### THE DATA

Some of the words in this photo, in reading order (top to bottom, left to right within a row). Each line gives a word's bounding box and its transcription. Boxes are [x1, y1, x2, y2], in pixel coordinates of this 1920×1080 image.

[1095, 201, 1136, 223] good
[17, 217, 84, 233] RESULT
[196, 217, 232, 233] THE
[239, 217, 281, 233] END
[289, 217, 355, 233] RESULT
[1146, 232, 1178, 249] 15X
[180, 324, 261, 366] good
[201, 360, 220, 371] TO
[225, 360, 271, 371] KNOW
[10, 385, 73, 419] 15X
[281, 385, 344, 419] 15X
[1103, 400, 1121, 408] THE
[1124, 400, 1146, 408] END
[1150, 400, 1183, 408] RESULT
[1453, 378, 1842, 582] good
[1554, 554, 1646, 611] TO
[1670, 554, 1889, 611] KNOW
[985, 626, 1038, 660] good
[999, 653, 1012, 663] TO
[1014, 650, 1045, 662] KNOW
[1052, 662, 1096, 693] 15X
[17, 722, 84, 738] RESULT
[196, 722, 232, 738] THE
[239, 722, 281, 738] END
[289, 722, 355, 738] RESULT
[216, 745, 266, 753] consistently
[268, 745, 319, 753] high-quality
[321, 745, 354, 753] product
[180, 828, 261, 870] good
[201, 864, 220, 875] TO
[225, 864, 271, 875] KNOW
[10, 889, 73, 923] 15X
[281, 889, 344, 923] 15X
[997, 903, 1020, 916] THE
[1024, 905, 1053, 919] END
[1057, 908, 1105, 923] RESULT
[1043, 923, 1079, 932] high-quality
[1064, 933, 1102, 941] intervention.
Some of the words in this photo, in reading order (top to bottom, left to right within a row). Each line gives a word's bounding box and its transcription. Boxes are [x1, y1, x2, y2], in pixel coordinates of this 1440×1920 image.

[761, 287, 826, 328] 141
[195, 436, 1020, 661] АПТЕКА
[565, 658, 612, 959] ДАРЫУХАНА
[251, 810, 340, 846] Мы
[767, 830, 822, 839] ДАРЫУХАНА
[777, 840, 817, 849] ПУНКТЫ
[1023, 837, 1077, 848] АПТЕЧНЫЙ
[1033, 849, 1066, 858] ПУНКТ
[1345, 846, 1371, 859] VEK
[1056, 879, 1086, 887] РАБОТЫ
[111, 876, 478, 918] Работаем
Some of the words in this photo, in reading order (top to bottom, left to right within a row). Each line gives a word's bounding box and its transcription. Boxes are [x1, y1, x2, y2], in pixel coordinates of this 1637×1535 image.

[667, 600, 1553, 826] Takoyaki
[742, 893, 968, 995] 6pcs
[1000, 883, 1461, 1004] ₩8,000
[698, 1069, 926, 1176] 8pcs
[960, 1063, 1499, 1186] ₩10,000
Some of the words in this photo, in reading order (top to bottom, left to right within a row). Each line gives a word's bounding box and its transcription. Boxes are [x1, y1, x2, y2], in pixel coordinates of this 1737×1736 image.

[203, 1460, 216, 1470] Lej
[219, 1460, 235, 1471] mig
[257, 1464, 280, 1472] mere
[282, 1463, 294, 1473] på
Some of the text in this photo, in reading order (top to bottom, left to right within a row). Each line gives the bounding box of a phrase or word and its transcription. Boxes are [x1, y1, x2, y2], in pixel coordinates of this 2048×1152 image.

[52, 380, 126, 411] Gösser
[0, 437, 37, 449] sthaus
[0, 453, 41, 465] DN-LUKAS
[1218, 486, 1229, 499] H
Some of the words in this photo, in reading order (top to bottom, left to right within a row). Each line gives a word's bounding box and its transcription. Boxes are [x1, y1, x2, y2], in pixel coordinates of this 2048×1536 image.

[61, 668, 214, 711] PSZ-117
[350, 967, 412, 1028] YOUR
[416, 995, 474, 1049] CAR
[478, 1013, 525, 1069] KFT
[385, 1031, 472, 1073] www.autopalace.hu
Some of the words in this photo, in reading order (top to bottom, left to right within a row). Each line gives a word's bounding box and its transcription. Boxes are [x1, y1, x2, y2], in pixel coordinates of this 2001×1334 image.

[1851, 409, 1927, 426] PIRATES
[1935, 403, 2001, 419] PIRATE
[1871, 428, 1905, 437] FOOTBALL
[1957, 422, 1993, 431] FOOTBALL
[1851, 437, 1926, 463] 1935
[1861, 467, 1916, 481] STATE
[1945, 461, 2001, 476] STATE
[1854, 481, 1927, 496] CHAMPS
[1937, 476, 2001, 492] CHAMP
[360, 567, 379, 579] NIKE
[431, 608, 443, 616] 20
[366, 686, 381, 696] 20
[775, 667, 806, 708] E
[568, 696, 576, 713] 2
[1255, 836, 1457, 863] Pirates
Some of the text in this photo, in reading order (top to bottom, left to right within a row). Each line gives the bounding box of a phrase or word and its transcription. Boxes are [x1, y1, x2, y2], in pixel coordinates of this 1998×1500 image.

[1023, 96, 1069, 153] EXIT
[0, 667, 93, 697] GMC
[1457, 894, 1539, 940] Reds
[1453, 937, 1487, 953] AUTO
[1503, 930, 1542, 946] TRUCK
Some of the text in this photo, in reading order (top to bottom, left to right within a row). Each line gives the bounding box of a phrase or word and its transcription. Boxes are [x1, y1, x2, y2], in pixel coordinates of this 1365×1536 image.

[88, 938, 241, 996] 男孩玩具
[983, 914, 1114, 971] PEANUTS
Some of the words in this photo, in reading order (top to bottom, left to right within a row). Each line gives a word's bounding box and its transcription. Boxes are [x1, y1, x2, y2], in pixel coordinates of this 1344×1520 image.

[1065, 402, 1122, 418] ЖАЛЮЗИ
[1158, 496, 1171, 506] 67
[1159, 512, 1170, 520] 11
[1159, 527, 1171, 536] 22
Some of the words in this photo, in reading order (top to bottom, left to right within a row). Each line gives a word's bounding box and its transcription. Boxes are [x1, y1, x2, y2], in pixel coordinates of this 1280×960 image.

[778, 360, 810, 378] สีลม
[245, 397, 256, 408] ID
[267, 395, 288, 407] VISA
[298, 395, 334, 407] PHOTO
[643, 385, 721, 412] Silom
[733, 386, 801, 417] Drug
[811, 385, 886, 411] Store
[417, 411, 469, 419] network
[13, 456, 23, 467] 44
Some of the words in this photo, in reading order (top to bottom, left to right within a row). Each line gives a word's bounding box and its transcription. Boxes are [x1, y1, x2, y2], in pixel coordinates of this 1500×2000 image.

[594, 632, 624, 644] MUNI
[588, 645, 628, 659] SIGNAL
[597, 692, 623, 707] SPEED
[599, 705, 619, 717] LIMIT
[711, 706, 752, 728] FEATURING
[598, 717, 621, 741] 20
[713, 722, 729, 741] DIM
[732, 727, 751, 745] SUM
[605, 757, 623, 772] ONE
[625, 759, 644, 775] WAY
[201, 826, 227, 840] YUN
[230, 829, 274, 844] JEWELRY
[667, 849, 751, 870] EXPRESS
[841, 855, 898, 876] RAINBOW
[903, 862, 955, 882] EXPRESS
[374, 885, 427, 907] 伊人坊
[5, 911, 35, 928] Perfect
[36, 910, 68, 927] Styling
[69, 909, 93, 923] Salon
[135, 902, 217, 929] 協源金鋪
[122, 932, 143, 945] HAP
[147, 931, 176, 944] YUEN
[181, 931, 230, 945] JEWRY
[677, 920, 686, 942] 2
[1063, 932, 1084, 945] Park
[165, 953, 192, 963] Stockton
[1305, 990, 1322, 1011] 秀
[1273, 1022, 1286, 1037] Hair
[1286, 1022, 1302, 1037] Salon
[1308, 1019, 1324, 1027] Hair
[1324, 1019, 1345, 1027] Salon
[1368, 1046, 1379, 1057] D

### EXERCISE AIM
Write the records out again. Each one must match exactly.

### OUTPUT OF THE TASK
Some of the words in this photo, in reading order (top to bottom, left to right within a row). Each line gives a word's bounding box and its transcription. Boxes are [x1, y1, x2, y2], in pixel coordinates of this 1920×1080 image.

[1095, 201, 1136, 223] good
[17, 217, 84, 233] RESULT
[196, 217, 232, 233] THE
[239, 217, 281, 233] END
[289, 217, 355, 233] RESULT
[1146, 232, 1178, 249] 15X
[180, 324, 261, 366] good
[201, 360, 220, 371] TO
[225, 360, 271, 371] KNOW
[10, 385, 73, 419] 15X
[281, 385, 344, 419] 15X
[1103, 400, 1121, 408] THE
[1124, 400, 1146, 408] END
[1150, 400, 1183, 408] RESULT
[1453, 378, 1842, 582] good
[1554, 554, 1646, 611] TO
[1670, 554, 1889, 611] KNOW
[985, 626, 1038, 660] good
[999, 653, 1012, 663] TO
[1014, 650, 1045, 662] KNOW
[1052, 662, 1096, 693] 15X
[17, 722, 84, 738] RESULT
[196, 722, 232, 738] THE
[239, 722, 281, 738] END
[289, 722, 355, 738] RESULT
[216, 745, 266, 753] consistently
[268, 745, 319, 753] high-quality
[321, 745, 354, 753] product
[180, 828, 261, 870] good
[201, 864, 220, 875] TO
[225, 864, 271, 875] KNOW
[10, 889, 73, 923] 15X
[281, 889, 344, 923] 15X
[997, 903, 1020, 916] THE
[1024, 905, 1053, 919] END
[1057, 908, 1105, 923] RESULT
[1043, 923, 1079, 932] high-quality
[1064, 933, 1102, 941] intervention.
Some of the words in this photo, in reading order (top to bottom, left to right within a row). Each line gives a word's bounding box and its transcription. Boxes are [x1, y1, x2, y2], in pixel coordinates of this 1440×1920 image.

[761, 287, 826, 328] 141
[195, 436, 1020, 661] АПТЕКА
[565, 658, 612, 959] ДАРЫУХАНА
[251, 810, 340, 846] Мы
[767, 830, 822, 839] ДАРЫУХАНА
[777, 840, 817, 849] ПУНКТЫ
[1023, 837, 1077, 848] АПТЕЧНЫЙ
[1033, 849, 1066, 858] ПУНКТ
[1345, 846, 1371, 859] VEK
[1056, 879, 1086, 887] РАБОТЫ
[111, 876, 478, 918] Работаем
Some of the words in this photo, in reading order (top to bottom, left to right within a row). Each line gives a word's bounding box and its transcription. Boxes are [x1, y1, x2, y2], in pixel coordinates of this 1637×1535 image.

[667, 600, 1553, 826] Takoyaki
[742, 893, 968, 995] 6pcs
[1000, 883, 1461, 1004] ₩8,000
[698, 1069, 926, 1176] 8pcs
[960, 1063, 1499, 1186] ₩10,000
Some of the words in this photo, in reading order (top to bottom, left to right within a row). Each line gives a word's bounding box and its transcription. Boxes are [x1, y1, x2, y2], in pixel coordinates of this 1737×1736 image.

[203, 1460, 216, 1470] Lej
[219, 1460, 235, 1471] mig
[257, 1464, 280, 1472] mere
[282, 1463, 294, 1473] på
Some of the text in this photo, in reading order (top to bottom, left to right within a row). Each line gives the bounding box of a phrase or word and its transcription. Boxes are [x1, y1, x2, y2], in pixel coordinates of this 2048×1152 image.

[52, 380, 126, 411] Gösser
[0, 437, 37, 449] sthaus
[0, 453, 41, 465] DN-LUKAS
[1218, 486, 1229, 499] H
Some of the words in this photo, in reading order (top to bottom, left to right within a row). Each line gives a word's bounding box and its transcription. Boxes are [x1, y1, x2, y2], in pixel coordinates of this 2048×1536 image.

[61, 668, 214, 711] PSZ-117
[350, 967, 412, 1028] YOUR
[416, 995, 474, 1049] CAR
[478, 1013, 525, 1069] KFT
[385, 1031, 472, 1073] www.autopalace.hu
Some of the words in this photo, in reading order (top to bottom, left to right within a row). Each line gives a word's bounding box and its transcription. Boxes are [x1, y1, x2, y2], in pixel coordinates of this 2001×1334 image.

[1851, 409, 1927, 426] PIRATES
[1935, 403, 2001, 419] PIRATE
[1871, 428, 1905, 437] FOOTBALL
[1957, 422, 1993, 431] FOOTBALL
[1851, 437, 1926, 463] 1935
[1861, 467, 1916, 481] STATE
[1945, 461, 2001, 476] STATE
[1854, 481, 1927, 496] CHAMPS
[1937, 476, 2001, 492] CHAMP
[360, 567, 379, 579] NIKE
[431, 608, 443, 616] 20
[366, 686, 381, 696] 20
[775, 667, 806, 708] E
[568, 696, 576, 713] 2
[1255, 836, 1457, 863] Pirates
Some of the text in this photo, in reading order (top to bottom, left to right within a row). Each line gives the bounding box of a phrase or word and its transcription. Boxes are [x1, y1, x2, y2], in pixel coordinates of this 1998×1500 image.

[1023, 96, 1069, 153] EXIT
[0, 667, 93, 697] GMC
[1457, 894, 1539, 940] Reds
[1453, 937, 1487, 953] AUTO
[1503, 930, 1542, 946] TRUCK
Some of the text in this photo, in reading order (top to bottom, left to right within a row). Each line gives the bounding box of a phrase or word and its transcription. Boxes are [x1, y1, x2, y2], in pixel coordinates of this 1365×1536 image.

[88, 938, 241, 996] 男孩玩具
[983, 914, 1114, 971] PEANUTS
Some of the words in this photo, in reading order (top to bottom, left to right within a row). Each line gives a word's bounding box and its transcription. Boxes are [x1, y1, x2, y2], in pixel coordinates of this 1344×1520 image.

[1065, 402, 1122, 418] ЖАЛЮЗИ
[1158, 496, 1171, 506] 67
[1159, 512, 1170, 520] 11
[1159, 527, 1171, 536] 22
Some of the words in this photo, in reading order (top to bottom, left to right within a row). Each line gives a word's bounding box and its transcription. Boxes are [x1, y1, x2, y2], in pixel coordinates of this 1280×960 image.

[778, 360, 810, 378] สีลม
[245, 397, 256, 408] ID
[267, 395, 288, 407] VISA
[298, 395, 334, 407] PHOTO
[643, 385, 721, 412] Silom
[733, 386, 801, 417] Drug
[811, 385, 886, 411] Store
[417, 411, 469, 419] network
[13, 456, 23, 467] 44
Some of the words in this photo, in reading order (top to bottom, left to right within a row). Each line gives a word's bounding box and its transcription. Boxes are [x1, y1, x2, y2], in pixel coordinates of this 1500×2000 image.

[594, 632, 624, 644] MUNI
[588, 645, 628, 659] SIGNAL
[597, 692, 623, 707] SPEED
[599, 705, 619, 717] LIMIT
[711, 706, 752, 728] FEATURING
[598, 717, 621, 741] 20
[713, 722, 729, 741] DIM
[732, 727, 751, 745] SUM
[605, 757, 623, 772] ONE
[625, 759, 644, 775] WAY
[201, 826, 227, 840] YUN
[230, 829, 274, 844] JEWELRY
[667, 849, 751, 870] EXPRESS
[841, 855, 898, 876] RAINBOW
[903, 862, 955, 882] EXPRESS
[374, 885, 427, 907] 伊人坊
[5, 911, 35, 928] Perfect
[36, 910, 68, 927] Styling
[69, 909, 93, 923] Salon
[135, 902, 217, 929] 協源金鋪
[122, 932, 143, 945] HAP
[147, 931, 176, 944] YUEN
[181, 931, 230, 945] JEWRY
[677, 920, 686, 942] 2
[1063, 932, 1084, 945] Park
[165, 953, 192, 963] Stockton
[1305, 990, 1322, 1011] 秀
[1273, 1022, 1286, 1037] Hair
[1286, 1022, 1302, 1037] Salon
[1308, 1019, 1324, 1027] Hair
[1324, 1019, 1345, 1027] Salon
[1368, 1046, 1379, 1057] D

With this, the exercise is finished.